He leaves with a new skin, and it chafes against the world. He knows his death is hidden from most people but to Koschei it's still as obvious as a slap in the face, and it makes Tom feel weak in his eyes. 

He walks in the darkness of the shadow of the Deathless, and does other things. He holds his grandfather's ring in his hand, measures its weight, measures its worth, kills his despicable Muggle father whose name he carries unwillingly, and splits what's left of his soul to better hide his death. 

He doesn't feel that different after. Lighter. Like he could do anything. It doesn't hurt. He doesn't care that it should hurt, or that he should care.

It takes a while but he goes back, he was always going to go back, buys a glass of vodka for a tall, gaunt figure sitting in a corner table. Koschei looks at the ring on his finger before he looks at him. Tom has never been so thoroughly torn apart and beaten, he has never loved anything so deeply, and he doubts he ever will.

"Koschei the Deathless," he says, "where do you keep your death?"

"That ring is of my brother," Koschei says, "I don't want to see it again."

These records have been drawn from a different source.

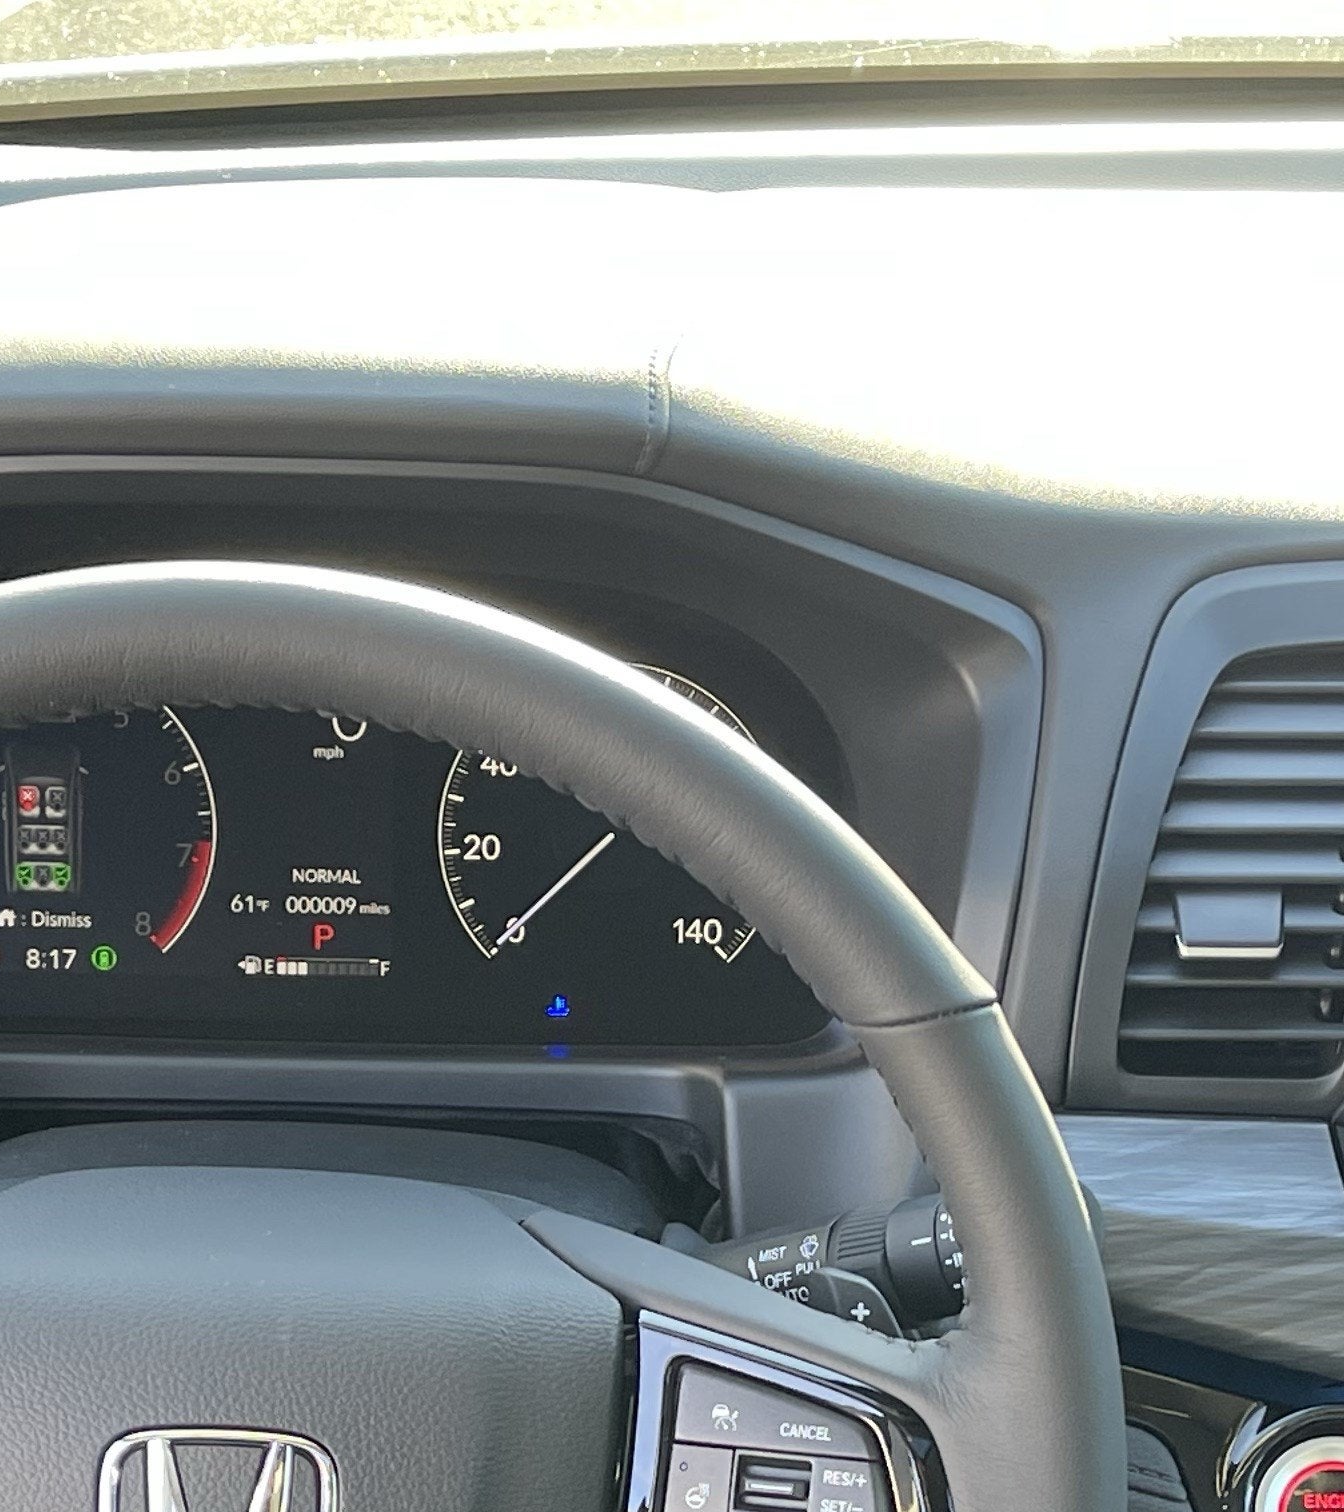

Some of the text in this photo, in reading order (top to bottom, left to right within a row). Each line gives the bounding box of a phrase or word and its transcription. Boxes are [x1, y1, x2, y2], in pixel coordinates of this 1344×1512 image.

[312, 745, 345, 761] mph
[164, 761, 182, 785] 6
[176, 843, 193, 868] 7
[463, 834, 502, 861] 20
[291, 868, 362, 885] NORMAL
[285, 895, 357, 915] 000009
[31, 909, 93, 929] Dismiss
[134, 911, 151, 936] 8
[312, 922, 337, 951] P
[671, 917, 724, 946] 140
[24, 948, 77, 972] 8:17
[263, 958, 275, 975] E
[379, 960, 392, 977] F
[763, 1271, 793, 1290] OFF
[779, 1422, 832, 1442] CANCEL

"Why do you let me come back to you?" Tom asks and wipes the blood off his chin with the back of his hand. The one without the ring.

"You are an escape from my eternal story I've lived so often it makes me sick."

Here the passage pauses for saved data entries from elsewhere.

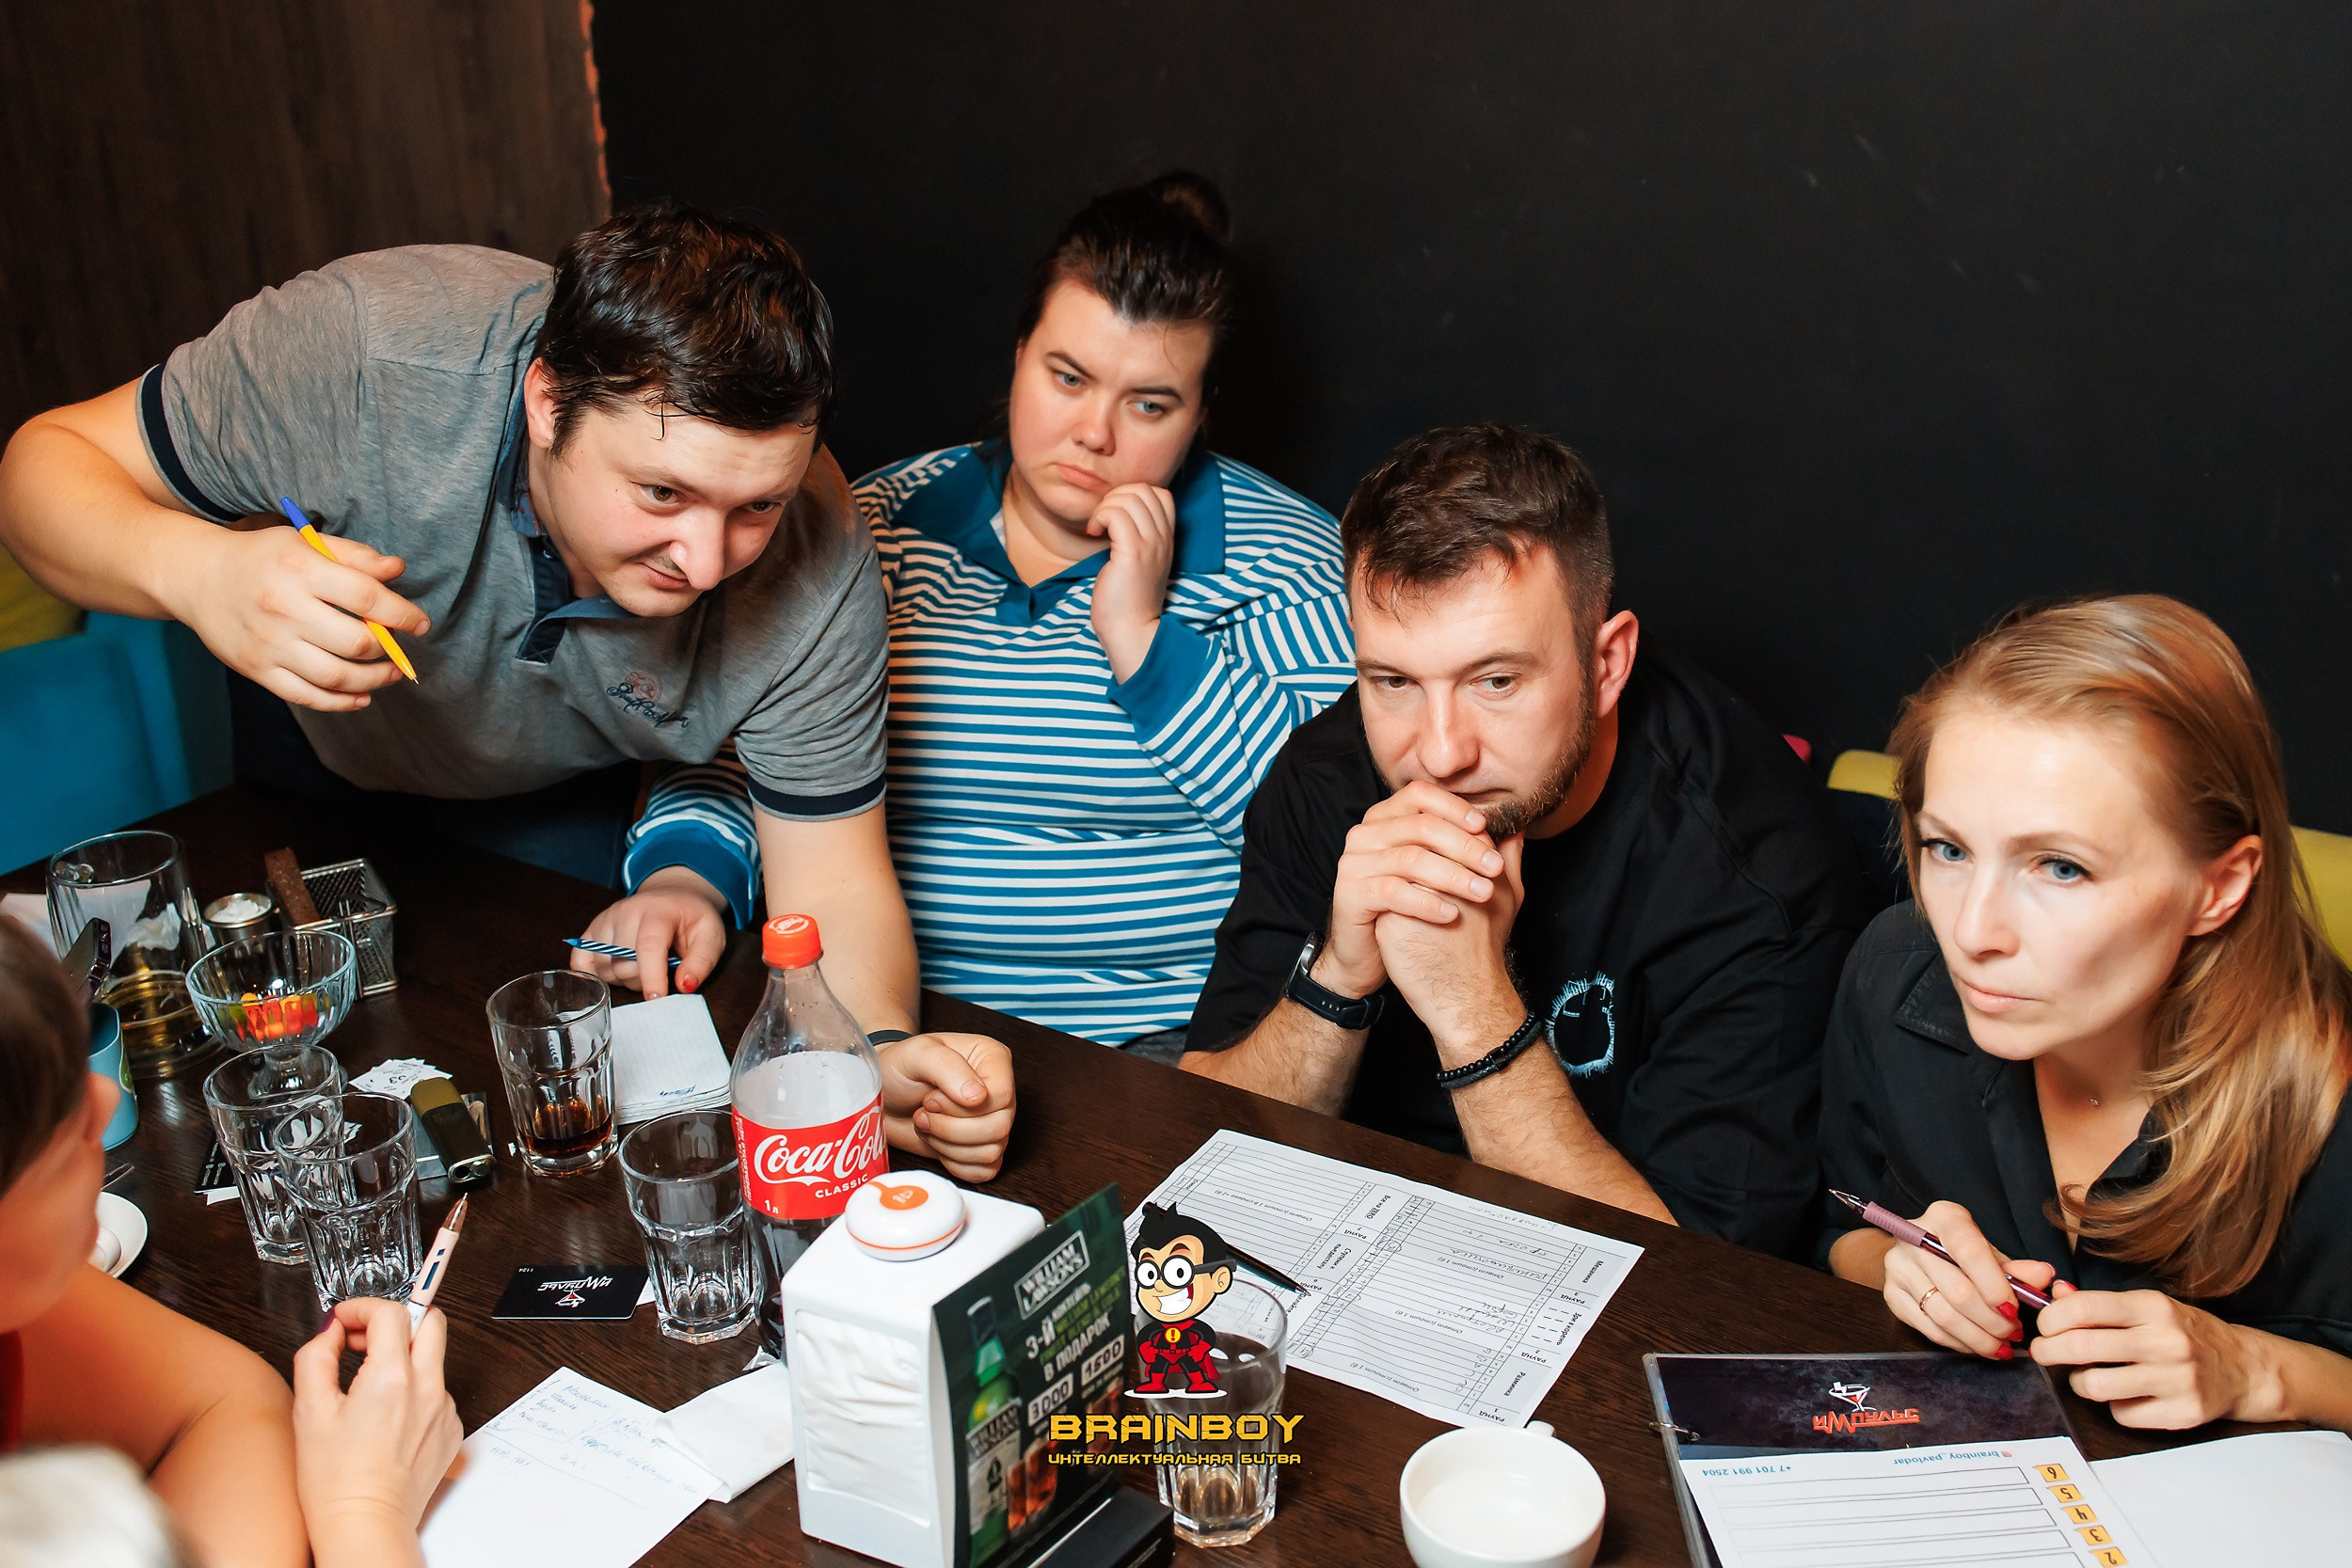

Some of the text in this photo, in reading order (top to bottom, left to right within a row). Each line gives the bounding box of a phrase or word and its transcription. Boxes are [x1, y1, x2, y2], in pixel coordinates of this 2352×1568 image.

[815, 1173, 868, 1198] CLASSIC
[764, 1199, 771, 1212] 1
[1365, 1208, 1380, 1219] ZERO
[1344, 1229, 1367, 1240] РАУНД
[1317, 1244, 1342, 1269] пьедесталу
[1333, 1248, 1352, 1266] Ступени
[1477, 1268, 1504, 1278] Ответ
[1582, 1260, 1604, 1283] Мешанина
[1561, 1294, 1585, 1305] РАУНД
[1571, 1312, 1582, 1323] Зри
[1436, 1322, 1463, 1334] Ответ
[1556, 1325, 1571, 1346] корень
[1043, 1361, 1055, 1383] В
[1056, 1311, 1111, 1372] ПОДАРОК
[1521, 1352, 1547, 1363] РАУНД
[1393, 1380, 1420, 1392] Ответ
[1504, 1372, 1526, 1397] Разминка
[1032, 1380, 1070, 1420] 3000
[1479, 1411, 1505, 1422] РАУНД
[1812, 1408, 1920, 1433] ИМПУЛЬС
[1894, 1450, 2000, 1465] brainboy_pavlodar
[1702, 1468, 1729, 1477] 2504
[2047, 1466, 2058, 1480] 6
[2060, 1487, 2074, 1499] 5
[2074, 1508, 2088, 1520] 4
[2090, 1528, 2104, 1542] 3
[2104, 1552, 2117, 1564] 2

They lie there, quiet, clinging onto each other for dear life. Tom has never been held like that and he doubts he ever will. And then it ends, like good things do, and everything is cold and hard and difficult for a time.

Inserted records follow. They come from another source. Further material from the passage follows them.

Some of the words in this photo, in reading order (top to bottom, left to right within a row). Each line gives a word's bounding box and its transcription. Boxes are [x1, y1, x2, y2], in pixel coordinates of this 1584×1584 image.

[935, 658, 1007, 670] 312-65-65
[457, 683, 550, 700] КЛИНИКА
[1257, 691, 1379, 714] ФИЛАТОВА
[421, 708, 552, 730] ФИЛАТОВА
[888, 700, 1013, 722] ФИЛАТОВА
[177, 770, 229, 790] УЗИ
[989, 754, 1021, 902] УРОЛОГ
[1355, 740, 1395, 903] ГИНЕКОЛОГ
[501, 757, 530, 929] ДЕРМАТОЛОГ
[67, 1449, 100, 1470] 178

"You think you've hidden your death from me," Koschei says, "but it shines bright as ever. Every life you take to hide your death is another little victory over me, another thing I've lost in this abominable war. You can split your soul seven ways and still find you are not my equal, and your death will not be hidden any better than it was when you held a knife against your own throat when all of your soul was in the same vessel."

He pushes Tom to the floor, throws him his clothes, gets up and walks to the window.

"Leave. I can't breathe when you're here. And take that ring away from me, away from yourself."

He doesn't say anything more, doesn't look at Tom anymore, just stares out the window, waiting, and Tom goes, he forgets and remembers all the more clearly, and the piece of his soul that he carries himself turns heavier by the day.

The third time he splits his soul it feels like a relief, and he thinks, seven. Seven pieces. He can do seven. He would tell himself it has nothing to do with Koschei but it would be a lie because everything is about Koschei, and will never not be.

He can't deal with anything less than seven. 

When he finds Koschei again he's done it six times and then some, he can barely feel his soul, can't feel it split when he doesn't plan it because he doesn't have enough left. 

With Koschei, though, he can feel everything. Koschei's hands have never been so cold, never has his touch burnt him so fiercely, and Tom doubts it ever will.


End file.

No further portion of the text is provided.